Unfortunately, the Dexter and Lapeer storms did considerable damage. If there’s a bright side to their human impact, it’s that no one was killed or seriously injured.

What turned yesterday’s anemic setup into a significant tornado-breeder? A weak upper-level impulse provided the needed lift to spark the storms, but it doesn’t explain why some of them developed into tornadic supercells, given the lackluster mid- and upper-level winds. I’m no expert, but I’m guessing that the unseasonably high CAPE is what did the trick. I suspect it took what was present in terms of shear and helicity and amplified it, in effect creating the Dexter, Lapeer, and Ida storms’ own mesoscale environments–ones conducive to tornadoes.

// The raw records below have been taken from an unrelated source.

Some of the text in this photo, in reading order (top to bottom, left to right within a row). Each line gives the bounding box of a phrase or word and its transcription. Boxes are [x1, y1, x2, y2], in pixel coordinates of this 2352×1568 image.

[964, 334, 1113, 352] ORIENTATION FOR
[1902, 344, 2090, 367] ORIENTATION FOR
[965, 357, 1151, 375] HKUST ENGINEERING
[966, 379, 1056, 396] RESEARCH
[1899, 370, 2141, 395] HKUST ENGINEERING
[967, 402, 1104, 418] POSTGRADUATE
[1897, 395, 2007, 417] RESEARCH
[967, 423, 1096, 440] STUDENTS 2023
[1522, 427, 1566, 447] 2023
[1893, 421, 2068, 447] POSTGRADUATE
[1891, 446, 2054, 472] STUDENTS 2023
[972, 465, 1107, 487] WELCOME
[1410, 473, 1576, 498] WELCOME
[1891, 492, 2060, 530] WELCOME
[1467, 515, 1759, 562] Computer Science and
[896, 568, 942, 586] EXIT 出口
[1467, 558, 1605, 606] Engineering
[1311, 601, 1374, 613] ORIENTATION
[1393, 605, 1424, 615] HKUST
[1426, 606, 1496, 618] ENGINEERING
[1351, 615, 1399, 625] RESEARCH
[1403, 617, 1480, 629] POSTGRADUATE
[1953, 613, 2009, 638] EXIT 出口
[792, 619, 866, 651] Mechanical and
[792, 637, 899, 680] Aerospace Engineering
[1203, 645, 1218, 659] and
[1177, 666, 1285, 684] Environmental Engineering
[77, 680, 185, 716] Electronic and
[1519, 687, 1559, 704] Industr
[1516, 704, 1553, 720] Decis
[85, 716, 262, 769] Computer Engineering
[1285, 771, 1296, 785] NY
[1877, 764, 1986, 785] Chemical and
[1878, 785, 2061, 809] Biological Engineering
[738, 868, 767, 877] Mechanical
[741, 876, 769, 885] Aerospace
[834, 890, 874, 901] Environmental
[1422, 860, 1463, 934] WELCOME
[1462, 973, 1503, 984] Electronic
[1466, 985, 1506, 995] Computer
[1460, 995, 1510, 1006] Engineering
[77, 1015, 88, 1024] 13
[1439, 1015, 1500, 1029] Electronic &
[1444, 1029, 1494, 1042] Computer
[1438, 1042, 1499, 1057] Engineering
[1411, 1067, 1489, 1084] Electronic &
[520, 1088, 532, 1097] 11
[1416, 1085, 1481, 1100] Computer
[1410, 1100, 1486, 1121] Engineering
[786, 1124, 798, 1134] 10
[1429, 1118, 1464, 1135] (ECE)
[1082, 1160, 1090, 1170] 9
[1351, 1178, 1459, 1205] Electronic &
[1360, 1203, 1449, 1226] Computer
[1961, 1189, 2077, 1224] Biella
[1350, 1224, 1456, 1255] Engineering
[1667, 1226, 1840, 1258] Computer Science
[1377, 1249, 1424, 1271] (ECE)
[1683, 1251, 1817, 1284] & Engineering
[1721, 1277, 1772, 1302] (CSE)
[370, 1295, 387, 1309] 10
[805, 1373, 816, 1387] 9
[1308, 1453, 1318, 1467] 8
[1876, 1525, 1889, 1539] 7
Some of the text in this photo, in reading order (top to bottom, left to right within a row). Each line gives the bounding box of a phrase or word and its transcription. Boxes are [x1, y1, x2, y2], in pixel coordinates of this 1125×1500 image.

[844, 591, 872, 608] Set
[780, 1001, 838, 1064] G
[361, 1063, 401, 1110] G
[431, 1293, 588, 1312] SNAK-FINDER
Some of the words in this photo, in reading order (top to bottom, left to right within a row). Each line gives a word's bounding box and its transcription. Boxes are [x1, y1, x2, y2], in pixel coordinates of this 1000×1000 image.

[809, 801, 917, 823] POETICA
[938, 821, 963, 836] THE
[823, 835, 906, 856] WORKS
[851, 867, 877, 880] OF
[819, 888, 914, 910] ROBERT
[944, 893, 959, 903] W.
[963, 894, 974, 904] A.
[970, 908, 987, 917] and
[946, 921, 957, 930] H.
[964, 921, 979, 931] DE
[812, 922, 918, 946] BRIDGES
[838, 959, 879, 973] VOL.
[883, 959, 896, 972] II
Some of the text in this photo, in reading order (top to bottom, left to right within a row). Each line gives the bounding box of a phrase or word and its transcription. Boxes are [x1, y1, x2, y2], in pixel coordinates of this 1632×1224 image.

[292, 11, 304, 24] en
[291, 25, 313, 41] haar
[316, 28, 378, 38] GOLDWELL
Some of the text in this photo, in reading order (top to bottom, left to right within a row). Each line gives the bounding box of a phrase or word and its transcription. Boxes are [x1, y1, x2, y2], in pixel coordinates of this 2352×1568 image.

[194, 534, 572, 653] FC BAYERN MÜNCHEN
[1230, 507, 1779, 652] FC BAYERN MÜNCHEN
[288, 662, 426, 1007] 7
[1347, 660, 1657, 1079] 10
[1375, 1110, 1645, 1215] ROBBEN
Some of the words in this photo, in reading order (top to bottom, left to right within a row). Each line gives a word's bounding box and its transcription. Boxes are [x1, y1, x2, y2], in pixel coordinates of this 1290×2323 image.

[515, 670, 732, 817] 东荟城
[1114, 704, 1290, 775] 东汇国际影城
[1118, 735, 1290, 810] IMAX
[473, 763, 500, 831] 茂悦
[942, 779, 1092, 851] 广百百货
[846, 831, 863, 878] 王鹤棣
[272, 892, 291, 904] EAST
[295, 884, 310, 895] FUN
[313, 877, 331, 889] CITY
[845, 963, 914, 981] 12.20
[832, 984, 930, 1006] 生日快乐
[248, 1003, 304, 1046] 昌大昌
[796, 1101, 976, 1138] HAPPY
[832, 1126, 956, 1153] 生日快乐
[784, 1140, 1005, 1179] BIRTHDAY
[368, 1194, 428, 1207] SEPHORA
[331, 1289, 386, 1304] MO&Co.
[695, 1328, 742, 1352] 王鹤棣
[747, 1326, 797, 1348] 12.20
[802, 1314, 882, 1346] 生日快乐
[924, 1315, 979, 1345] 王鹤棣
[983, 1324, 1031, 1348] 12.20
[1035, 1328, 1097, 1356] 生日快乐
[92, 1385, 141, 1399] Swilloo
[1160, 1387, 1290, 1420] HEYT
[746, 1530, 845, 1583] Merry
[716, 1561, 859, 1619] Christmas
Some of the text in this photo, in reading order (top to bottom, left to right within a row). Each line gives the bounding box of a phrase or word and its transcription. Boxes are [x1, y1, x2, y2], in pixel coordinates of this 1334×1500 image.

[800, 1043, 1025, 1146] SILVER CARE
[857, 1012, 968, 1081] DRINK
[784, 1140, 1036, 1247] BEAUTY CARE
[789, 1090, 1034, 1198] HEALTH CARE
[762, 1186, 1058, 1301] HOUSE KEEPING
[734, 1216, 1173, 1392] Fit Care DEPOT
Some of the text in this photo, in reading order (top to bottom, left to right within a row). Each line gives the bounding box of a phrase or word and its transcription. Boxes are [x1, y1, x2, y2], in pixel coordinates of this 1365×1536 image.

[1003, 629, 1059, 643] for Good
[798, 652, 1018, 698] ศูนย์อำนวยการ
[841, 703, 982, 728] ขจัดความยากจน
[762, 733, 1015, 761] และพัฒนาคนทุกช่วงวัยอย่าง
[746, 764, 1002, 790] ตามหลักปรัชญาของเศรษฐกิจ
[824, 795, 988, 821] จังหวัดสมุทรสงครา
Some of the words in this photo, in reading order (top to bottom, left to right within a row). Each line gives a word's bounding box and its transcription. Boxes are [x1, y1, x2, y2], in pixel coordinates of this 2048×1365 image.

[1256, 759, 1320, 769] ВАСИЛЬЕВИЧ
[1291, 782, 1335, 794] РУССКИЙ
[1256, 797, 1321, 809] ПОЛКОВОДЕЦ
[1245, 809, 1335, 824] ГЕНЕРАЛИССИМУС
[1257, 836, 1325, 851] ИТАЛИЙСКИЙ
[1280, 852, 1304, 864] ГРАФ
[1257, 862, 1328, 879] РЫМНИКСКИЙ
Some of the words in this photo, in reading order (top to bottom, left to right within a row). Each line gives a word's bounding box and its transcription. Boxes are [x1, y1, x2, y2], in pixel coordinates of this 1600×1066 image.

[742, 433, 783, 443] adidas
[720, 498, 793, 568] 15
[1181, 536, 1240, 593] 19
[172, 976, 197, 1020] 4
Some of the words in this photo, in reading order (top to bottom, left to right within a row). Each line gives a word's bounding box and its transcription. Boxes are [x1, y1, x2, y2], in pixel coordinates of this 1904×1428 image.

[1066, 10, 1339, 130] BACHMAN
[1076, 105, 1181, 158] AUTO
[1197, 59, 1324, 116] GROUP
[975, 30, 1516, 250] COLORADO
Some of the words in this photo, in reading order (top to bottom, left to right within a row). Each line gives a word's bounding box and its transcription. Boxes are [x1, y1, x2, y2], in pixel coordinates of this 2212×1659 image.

Of course, similar scenarios typically provide no more than single-cell and multicell severe storms. But then, yesterday was an anomaly in some significant ways. After all, this is Michigan, and it’s only mid-March. When CAPE of that magnitude shows up in the midst of unseasonably high dewpoints, it appears that all bets are off.

ADDENDUM: Lest you should miss reading the comments, check out this satellite loop from Thursday. You can see the storms exploding along an outflow boundary pushing west-northwest from Ohio, and other storms firing along a cold front dropping southeast. Two boundaries, and they actually appear to collide around Saginaw. The OFB accounts nicely for convergence and low-level helicity. Thanks to Rob Dewey for sending me the link.